# PowerBook G4 en 10.5.8 => 10.2.4



## Mick83 (26 Mai 2014)

Je souhaitais réutiliser mon PB-G4 dont j'avais fait régulièrement les mises à jour.
Il est actuellement en 10.5.8 ...... avec 1 Go de RAM ...... et il rame énormément.
Je possède le DVD d'installation fourni lors de l'achat. Il est en 10.2.4.
J'aimerai savoir s'il est possible et dans l'affirmative, comment revenir en 10.2.4.
Merci pour votre aide.


----------



## pascalformac (26 Mai 2014)

tu peux mais je déconseille

il vaudrait nettement mieux résoudre tes soucis de " ramage"  sur 10.5

que de retrograder de trois OS  vers jaguar

Autant 10.5 est un excellent OS ppc
autant -et Apple s'en est à peine caché - jaguar etait un OS inabouti , préparatoire des suivants 
et avec jaguar tu VAS ramer


----------



## Mick83 (26 Mai 2014)

Il s'agit d'un PB-G4 17" (M8793F/A) auquel j'avais ajouté 512 Mo de RAM pour la porter à 1 Go.
Je n'utilise que Mail et Safari (5.0.6). J'ai 17 Go de libre sur le DD.
Que me conseillez-vous de faire pour "améliorer" le fonctionnement de mon PB ?
Merci pour votre aide.


----------



## pascalformac (26 Mai 2014)

peux tu définir ce que tu entends par " ramer"?

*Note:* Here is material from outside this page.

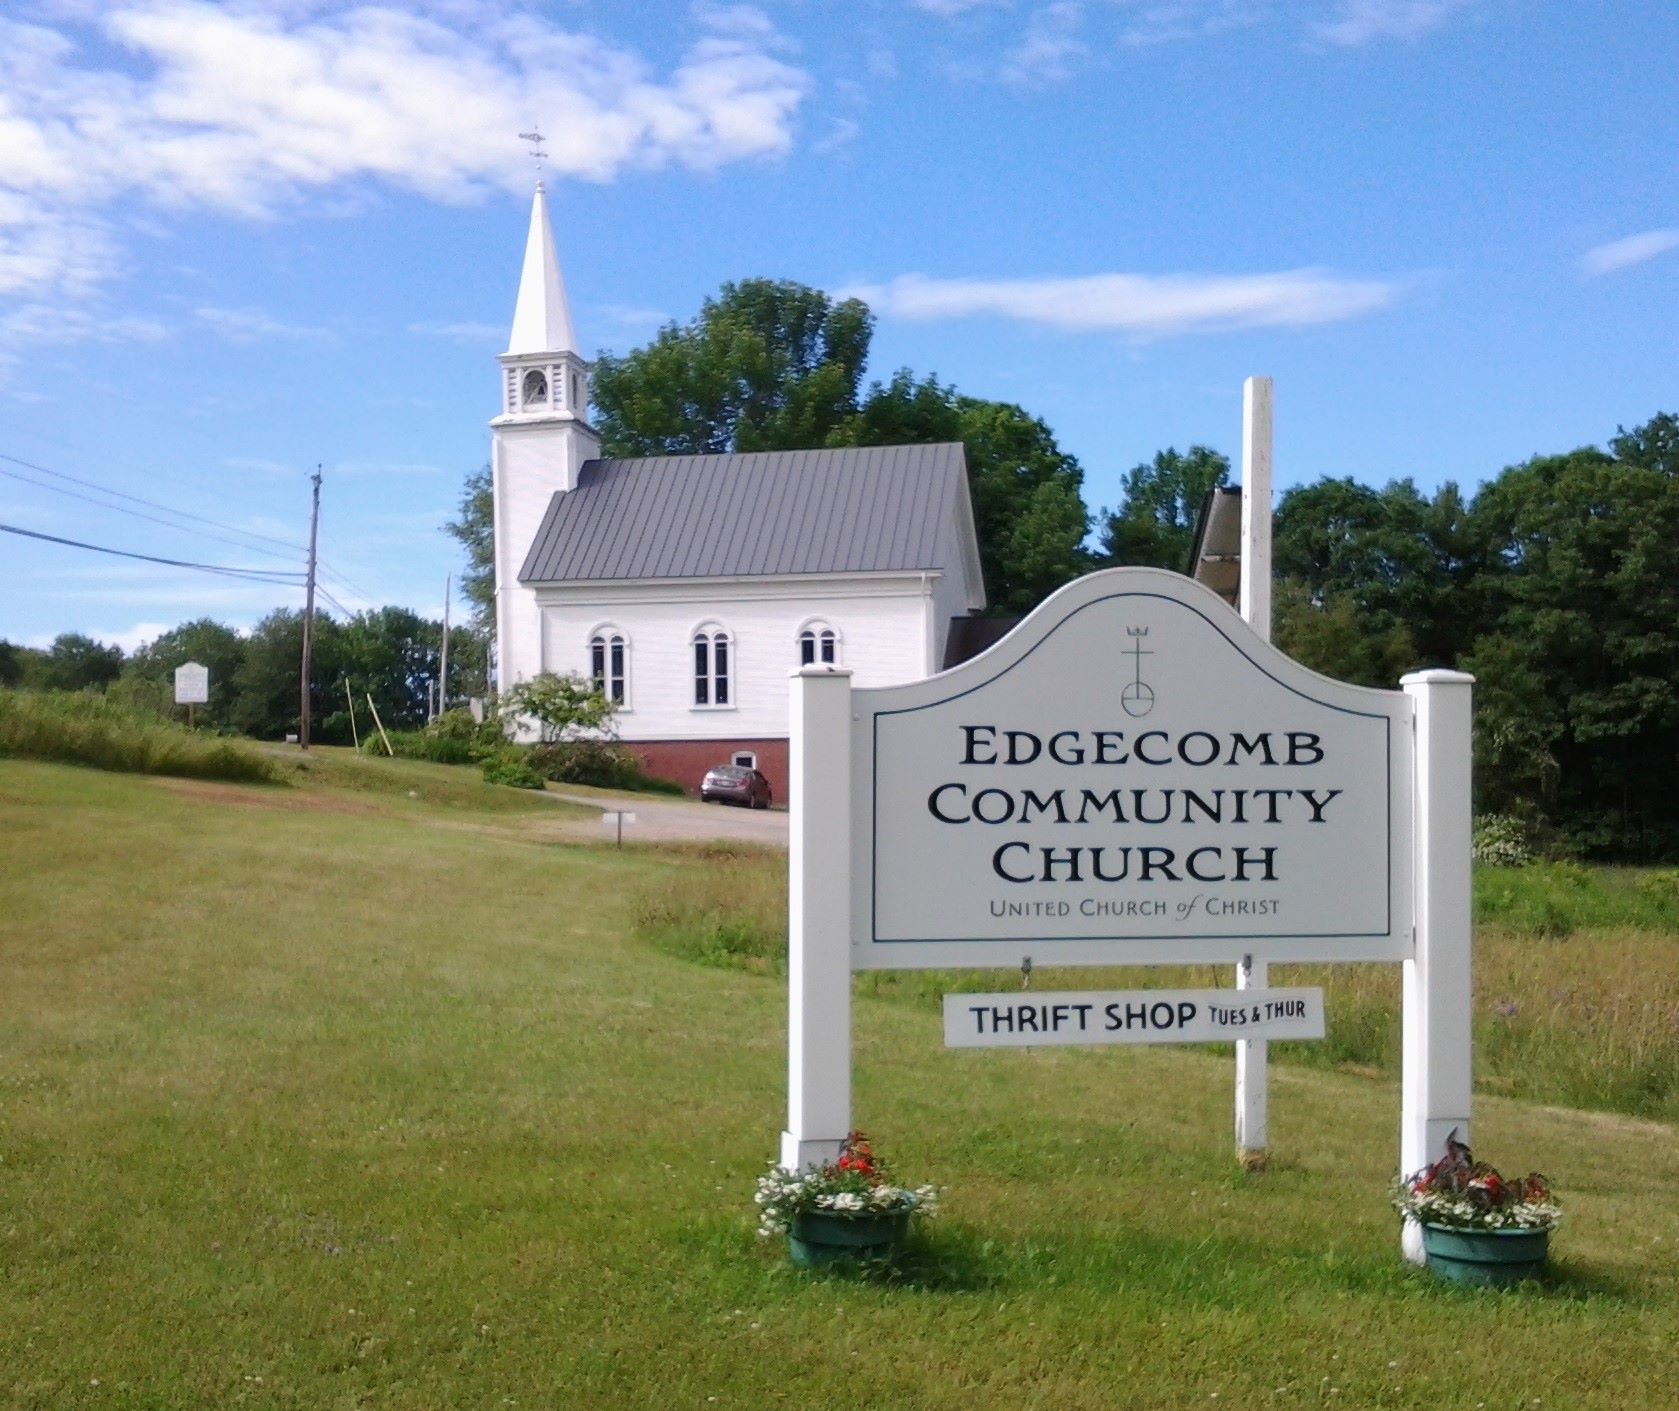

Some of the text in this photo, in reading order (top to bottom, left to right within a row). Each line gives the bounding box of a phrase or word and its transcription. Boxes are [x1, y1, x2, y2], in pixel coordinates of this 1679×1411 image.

vu que tu n'utilises que deux applis  c'est sans doute des ralentissements coté safari
mais lesquels?

en 2014 les anciens navigateurs ( et anciens processeurs) ont parfois de la peine avec certains sites

mais on peut ruser ( pas pour tout)
--
et un retour vers  jaguar  ne ferait qu'empirer les choses
d'ailleurs quand panther était sorti j'ai été assez ravi de ne plus etre  en jaguar sur un G4
(G4 qui servait encore il y a quelques mois , avec des astuces divers)


----------



## Sly54 (26 Mai 2014)

Mick83 a dit:


> Il s'agit d'un PB-G4 17" (M8793F/A) auquel j'avais ajouté 512 Mo de RAM pour la porter à 1 Go.

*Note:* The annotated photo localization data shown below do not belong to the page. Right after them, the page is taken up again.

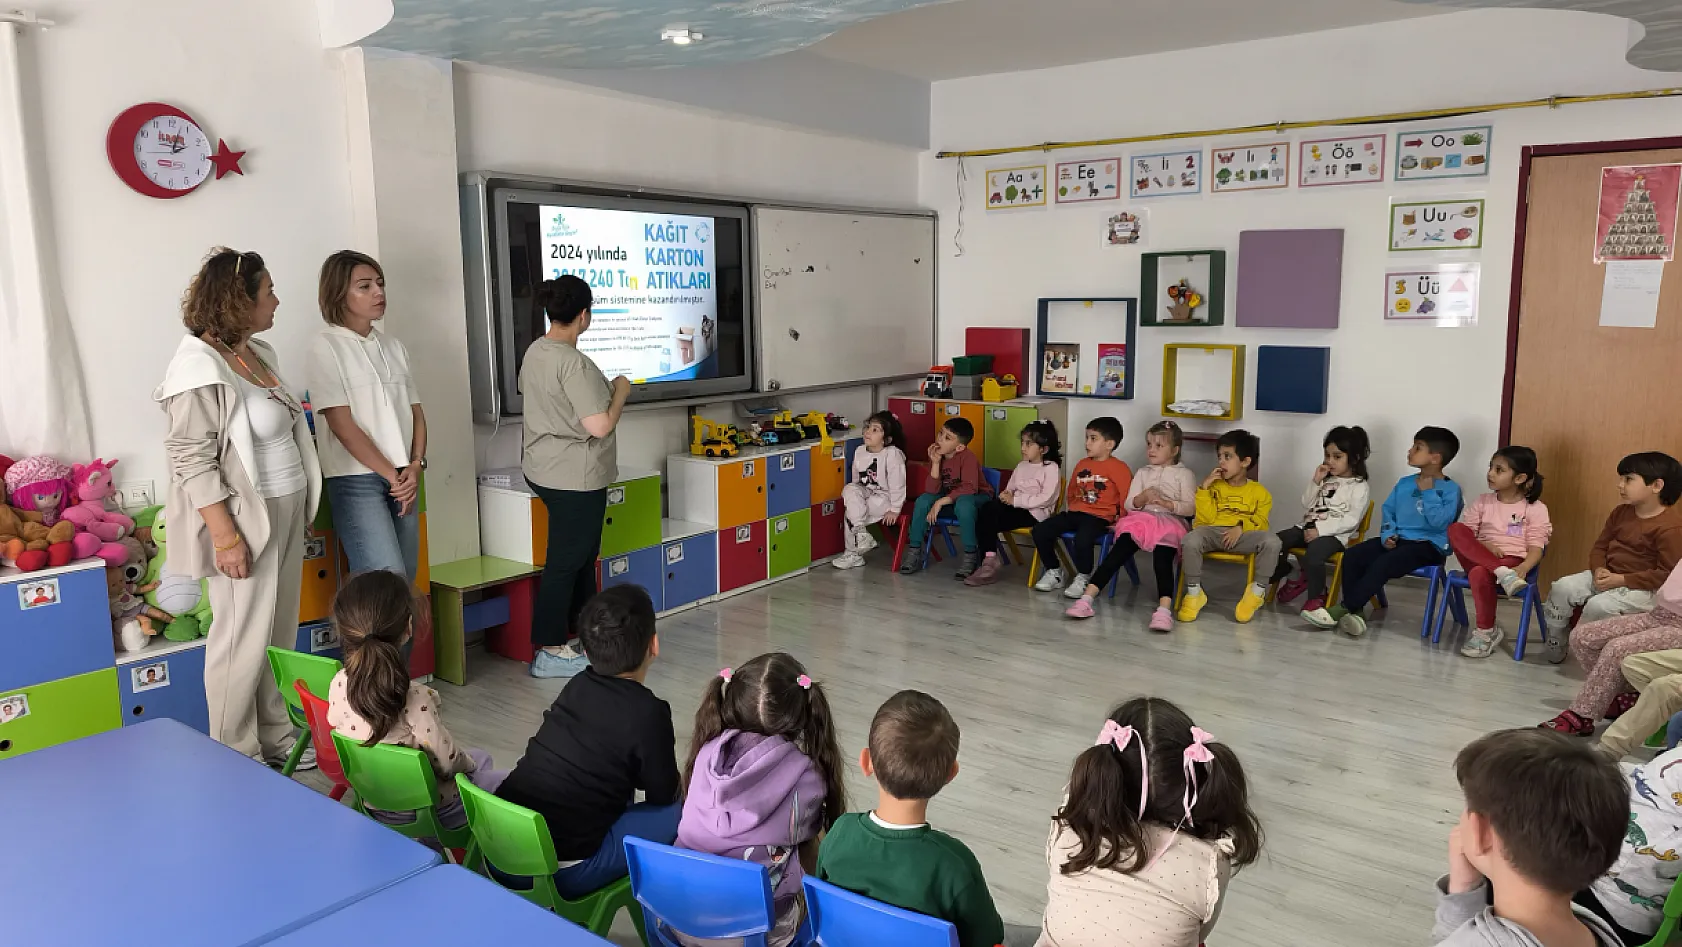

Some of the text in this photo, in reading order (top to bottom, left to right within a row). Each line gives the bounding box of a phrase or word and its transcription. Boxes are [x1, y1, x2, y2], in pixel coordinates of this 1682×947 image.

[153, 120, 159, 128] 11
[168, 119, 177, 128] 12
[140, 130, 149, 138] 10
[1431, 134, 1455, 148] Oo
[1332, 143, 1354, 159] Öö
[1006, 171, 1023, 184] Aa
[1078, 164, 1095, 180] Ee
[1423, 207, 1447, 222] Uu
[644, 220, 689, 243] KAĞIT
[550, 243, 628, 264] 2024 yılında
[645, 246, 704, 267] KARTON
[646, 271, 711, 290] ATIKLARI
[1417, 275, 1440, 295] Üü

Si tu as bien un PowerBook5,1, alors ta machine sait gérer 2 Go de RAM.

Donc voir si tes problèmes de lenteur ne viennent pas d'un manque de RAM.
Pour savoir si tu en manques, travaille comme d'habitude, puis lance l'application _Moniteur d'activité_ (rangée dans le dossier _Utilitaires_) et regarde l'occupation mémoire (en particulier les sorties page : en avoir bcp signifie manquer de RAM).


----------



## pascalformac (26 Mai 2014)

j'ai eu des G4 avec beaucoup moins de RAM 
et c'est pas ca la cause en surf safari
(sauf grosse anomalie safari ne bouffera pas  tout , loin de là)


----------



## Mick83 (26 Mai 2014)

Merci pour vos réponses rapides.
J'ai également essayé Firefox - légèrement plus rapide que Safari .....
Ce que j'entends par "ramer" : quelque soit l'action, la roue multicolore apparaît pendant plusieurs secondes. Parfois, lorsque je dois remplir un champ (identification par ex.), les caractères n'apparaissent qu'après plusieurs secondes ....
Lorsque j'utilise les barres de défilement, il faut un certain temps pour que l'action aboutisse .....
Sur le Moniteur d'activité : sorties pages = 2 Go.
N'y a-t-il pas un utilitaire qui tournerait sur ce PB pour nettoyer le DD ?
Merci pour votre aide.


----------



## Sly54 (26 Mai 2014)

Mick83 a dit:


> Sur le Moniteur d'activité : sorties pages = 2 Go.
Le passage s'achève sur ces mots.